**EXERCISE INSTRUCTIONS**
Copy the data from the line that contains "this 1600×900 image." to its last line, exactly, including both of those lines and leaving out everything before.

**DATA PROVIDED**
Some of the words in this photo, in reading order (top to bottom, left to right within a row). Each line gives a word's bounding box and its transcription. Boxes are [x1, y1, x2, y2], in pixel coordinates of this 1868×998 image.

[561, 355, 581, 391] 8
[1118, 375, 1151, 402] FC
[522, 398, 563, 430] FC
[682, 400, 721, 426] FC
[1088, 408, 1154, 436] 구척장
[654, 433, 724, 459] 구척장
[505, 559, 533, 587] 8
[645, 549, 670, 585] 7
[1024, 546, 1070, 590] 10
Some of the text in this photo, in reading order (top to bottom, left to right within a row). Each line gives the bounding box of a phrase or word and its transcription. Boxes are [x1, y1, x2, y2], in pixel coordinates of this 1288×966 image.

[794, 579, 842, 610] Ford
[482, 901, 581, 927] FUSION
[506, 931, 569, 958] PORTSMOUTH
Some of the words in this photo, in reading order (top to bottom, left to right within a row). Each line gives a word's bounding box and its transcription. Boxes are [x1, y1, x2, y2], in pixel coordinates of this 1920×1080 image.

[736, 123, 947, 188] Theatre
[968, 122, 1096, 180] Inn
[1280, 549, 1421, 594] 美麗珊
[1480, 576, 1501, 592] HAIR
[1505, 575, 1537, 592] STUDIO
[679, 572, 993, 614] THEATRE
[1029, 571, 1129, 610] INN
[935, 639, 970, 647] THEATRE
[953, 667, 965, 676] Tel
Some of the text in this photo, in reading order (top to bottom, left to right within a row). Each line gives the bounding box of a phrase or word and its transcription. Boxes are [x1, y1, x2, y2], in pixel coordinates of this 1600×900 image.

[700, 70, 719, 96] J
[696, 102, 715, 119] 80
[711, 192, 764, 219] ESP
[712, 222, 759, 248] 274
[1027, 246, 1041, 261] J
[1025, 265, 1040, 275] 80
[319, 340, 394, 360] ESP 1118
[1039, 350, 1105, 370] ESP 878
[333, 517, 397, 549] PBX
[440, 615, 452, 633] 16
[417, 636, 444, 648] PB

**ANSWER TO THE EXERCISE**
Some of the text in this photo, in reading order (top to bottom, left to right within a row). Each line gives the bounding box of a phrase or word and its transcription. Boxes are [x1, y1, x2, y2], in pixel coordinates of this 1600×900 image.

[700, 70, 719, 96] J
[696, 102, 715, 119] 80
[711, 192, 764, 219] ESP
[712, 222, 759, 248] 274
[1027, 246, 1041, 261] J
[1025, 265, 1040, 275] 80
[319, 340, 394, 360] ESP 1118
[1039, 350, 1105, 370] ESP 878
[333, 517, 397, 549] PBX
[440, 615, 452, 633] 16
[417, 636, 444, 648] PB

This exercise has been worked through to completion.